Friday, 3 January 2014

Fixing FireWire audio interface instability under OSX Mavericks

A variation from my usual blog topics today, but hopefully this helps someone. I have been a happy user of the Tascam FireOne FireWire audio/MIDI interface ever since picking one up for a bargain price a couple of years ago. As a recovering music-gearaholic, I embraced its minimal dimensions, and together with GarageBand on the Mac, it has allowed me to eBay vast amounts of outboard equipment while actually improving the quality of the music I create. Thus confirming a suspicion I had at the peak of my gear-hoarding tendencies:
More Music-Making Gear == More Distraction From Making Music
But I digress. Despite being technically unsupported since OSX 10.5 Leopard The FireOne worked perfectly for me right up to (and including) OSX 10.8 Mountain Lion, so when 10.9 Mavericks was released I gleefully jumped aboard.

And was horrified when within a few seconds of playback in GarageBand, the entire hardware-software combination locked up, sounded garbled and/or complained about sample-rate problems. This was not good and I thought that either Apple had broken FireWire timing accuracy in Mavericks (perhaps as part of their timer-coalescing improvements) or I was just SoL and would have to shell out for a new audio interface.

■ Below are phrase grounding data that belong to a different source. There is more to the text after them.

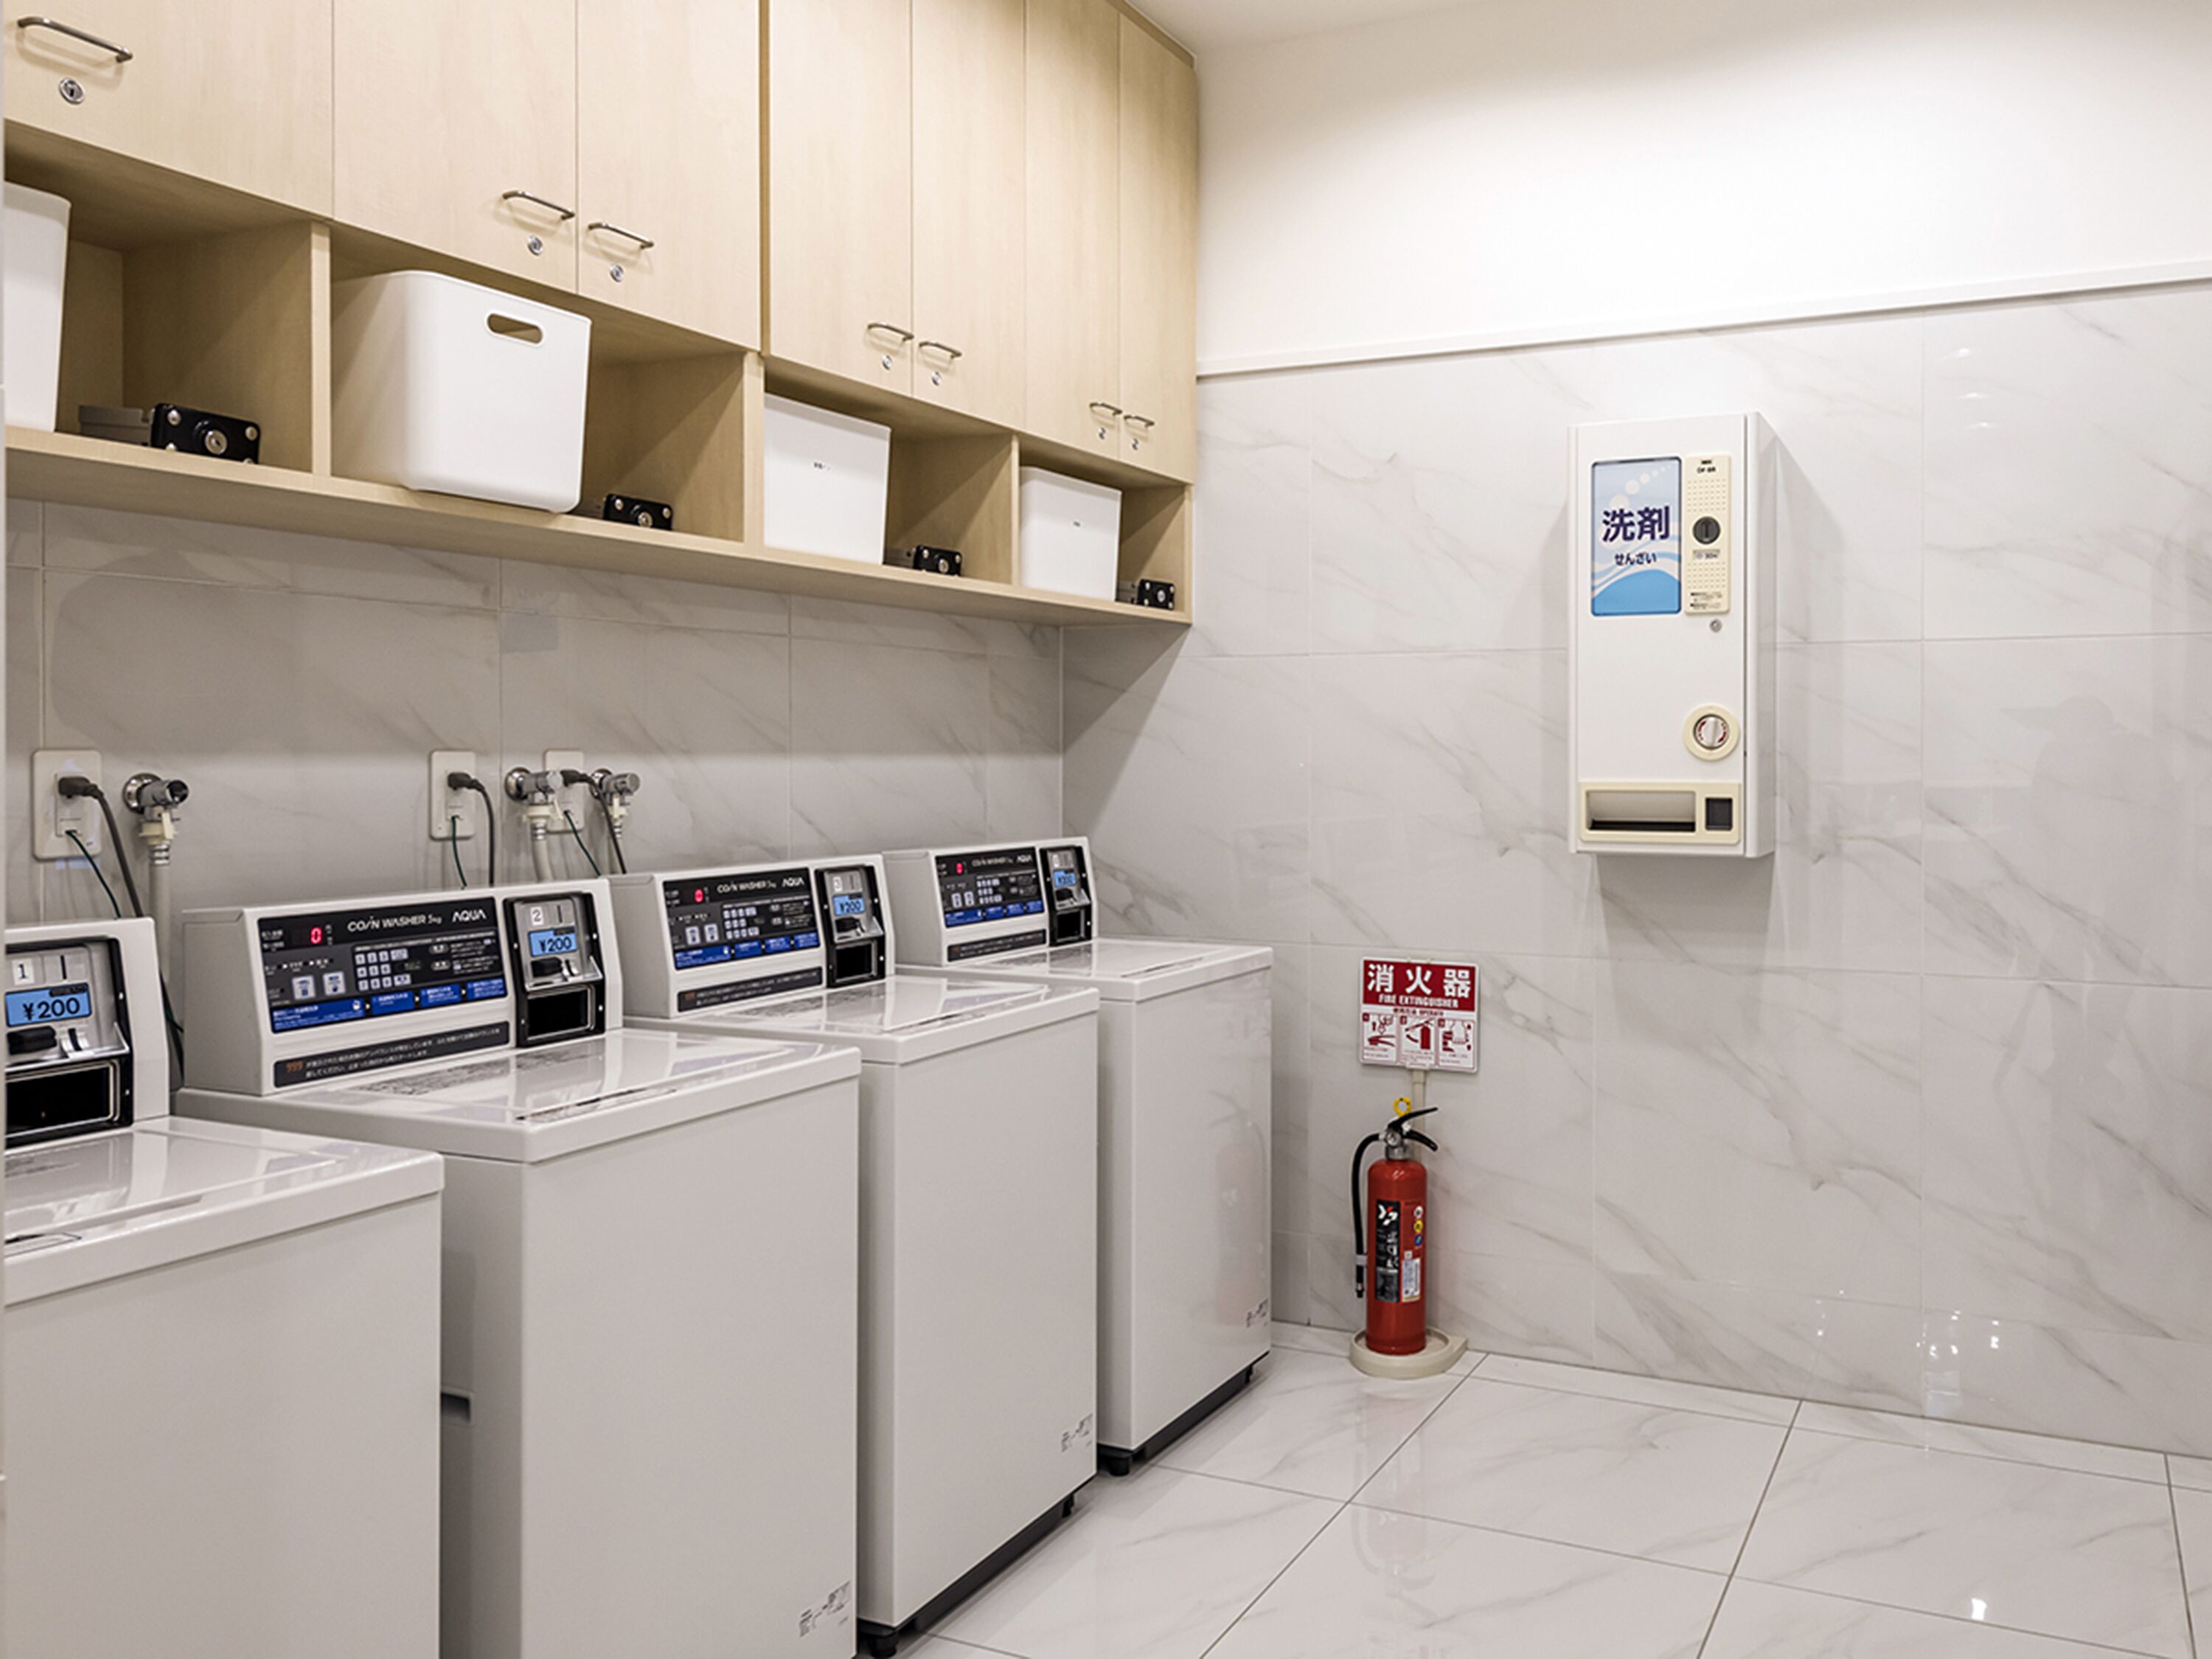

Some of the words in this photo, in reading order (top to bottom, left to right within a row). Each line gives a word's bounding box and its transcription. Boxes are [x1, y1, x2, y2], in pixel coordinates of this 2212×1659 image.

[1603, 506, 1669, 542] 洗剤
[1614, 552, 1657, 566] せんざい
[383, 914, 426, 928] WASHER
[452, 909, 487, 922] AQUA
[532, 909, 541, 922] 2
[310, 927, 322, 944] 0
[539, 936, 572, 952] ¥200
[18, 964, 27, 979] 1
[1368, 964, 1471, 998] 消火器
[23, 998, 80, 1020] ¥200

As it turns out, neither was true.

If you are experiencing problems working with external devices under audio applications (my particular combination being a FireWire interface and GarageBand) your first action should be:
  • Open Finder/Applications
  • Find GarageBand (or the app giving trouble)
  • Right-click -> Get Info
  • Check Prevent App Nap
This is slightly counter to the Apple's own statement on App Nap which states:
if that app isn’t currently doing something for you — playing music, downloading a file or checking email, for example — App Nap conserves valuable battery life by slowing down the app
But I'm not too upset - it's an easy fix and the extra battery life is definitely worth the upgrade.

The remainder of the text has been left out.